De poeta para poeta: Thiago de Mello fala a Adalberto Monteiro

Em 2016, pouco antes de se tornar nonagenário, escritor amazonense concedeu uma entrevista reveladora

Nascido na cidade amazonense de Barreirinha em 30 de março de 1926, o poeta Thiago de Mello completou 94 anos nesta segunda-feira (30). Um dos maiores escritores brasileiros vivos avança rumo ao centenário. Em 16 de março de 2016, pouco antes de se tornar nonagenário, Thiago concedeu uma entrevista reveladora ao jornalista e também poeta Adalberto Monteiro, dirigente nacional do PCdoB.

Adalberto lhe questionou sobre o “sentido de urgência” que o autor dos Estatutos do Homem se impôs. A idade avançada não levou o poeta a diminuir o ritmo. “Sei que tenho coisas ainda a fazer”, afirmou Thiago, lembrando um momento em que, sob a ditadura chilena, na década de 1970, pareceu diante da morte num paredão. Ao prever – com razão – que escaparia do fim naquele momento, o poeta tomou para si a missão de não parar nunca.

Quando Adalberto sugere que Thiago, em certo momento de sua trajetória, fez “filosofia em verso”, o poeta explica o porquê da mudança de rota: “As urgências da consciência que tenho do mundo que estou vivendo com os outros me afastam um pouco dessa própria indagação filosófica”.

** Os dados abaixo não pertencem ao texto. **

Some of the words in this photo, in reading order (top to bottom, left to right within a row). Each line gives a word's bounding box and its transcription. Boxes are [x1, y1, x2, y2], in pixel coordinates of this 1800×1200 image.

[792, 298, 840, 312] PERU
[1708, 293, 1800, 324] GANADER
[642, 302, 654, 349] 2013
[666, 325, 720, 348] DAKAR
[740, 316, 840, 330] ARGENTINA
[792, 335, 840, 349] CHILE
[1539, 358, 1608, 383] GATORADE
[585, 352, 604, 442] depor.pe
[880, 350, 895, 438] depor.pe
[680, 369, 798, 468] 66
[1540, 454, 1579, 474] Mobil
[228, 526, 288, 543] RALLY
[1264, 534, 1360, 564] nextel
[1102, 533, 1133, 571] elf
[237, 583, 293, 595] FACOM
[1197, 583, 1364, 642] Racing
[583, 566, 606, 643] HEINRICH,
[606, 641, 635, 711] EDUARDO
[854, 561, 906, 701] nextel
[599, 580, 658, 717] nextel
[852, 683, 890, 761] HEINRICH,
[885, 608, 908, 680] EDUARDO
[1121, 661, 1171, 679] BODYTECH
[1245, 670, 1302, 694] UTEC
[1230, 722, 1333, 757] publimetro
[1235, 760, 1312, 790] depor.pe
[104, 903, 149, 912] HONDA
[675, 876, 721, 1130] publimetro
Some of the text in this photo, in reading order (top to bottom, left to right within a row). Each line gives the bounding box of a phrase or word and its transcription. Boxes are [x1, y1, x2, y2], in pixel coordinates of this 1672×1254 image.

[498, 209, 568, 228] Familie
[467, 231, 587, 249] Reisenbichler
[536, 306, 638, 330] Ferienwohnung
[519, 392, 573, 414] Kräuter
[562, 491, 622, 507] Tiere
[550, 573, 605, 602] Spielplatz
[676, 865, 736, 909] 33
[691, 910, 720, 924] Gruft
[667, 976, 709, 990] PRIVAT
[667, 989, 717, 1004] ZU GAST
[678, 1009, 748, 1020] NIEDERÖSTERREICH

A obra de Thiago de Mello já foi vertida para mais de 30 idiomas – mas o próprio poeta também se dedicou ao sempre conturbado ofício da tradução literária. Quais seriam os limites da intervenção de um tradutor sobre o texto de um outro autor? A Adalberto Monteiro, Thiago teoriza: “A arte de traduzir – a arte da tradução – é um processo de recriação de uma beleza que está ali em estado puro, original. E você tem que transformar isso, essa beleza, em outra linguagem, outro idioma, outra música – e com uma expressão de comunicação de outra cultura”.

As metáforas, sobretudo as metafísicas, não requerem uma versão literal em outra língua. Diante do desafio de traduzi-las, Thiago sugere que, antes de tudo, se “corresponda à realidade do leitor comum”.  Afinal, “você não vai recriar só para vocês que leem poesia, não”. Ele cita o exemplo de Pablo Neruda (1904–1973). Para escrever os versos de Alturas de Machu Picchu – sobre a resistência da civilização inca –, o poeta chileno chegou a morar no Peru por três meses.  

E há a Amazônia e sua mitologia – ou “o poder da natureza”, conforme descreve o “poeta da floresta”. Três anos antes de a região ser alvo de um criminoso ataque predatório avalizado pelo governo Jair Bolsonaro, Thiago de Mello já denunciava: “A floresta é o maior manancial de vida do teu planeta, é o lugar mais mágico que existe, o mais poderosamente mágico. E, no caso do Brasil, o mais maltratado, esquecido e degradado”;

Se a solidariedade ganha força como valor social nestes tempos de pandemia, reclusão e incógnita, a arte pode ser uma aliada. Disso Thiago de Mello já tratava na entrevista de 2016: “A arte tem que estra presente como uma parte importante na construção de uma sociedade humana solidária”. Na opinião do poeta, o mundo atual sente cada vez mais falta da “delicadeza de fazer você levar e dar aquilo que você está sentindo para outra pessoa”.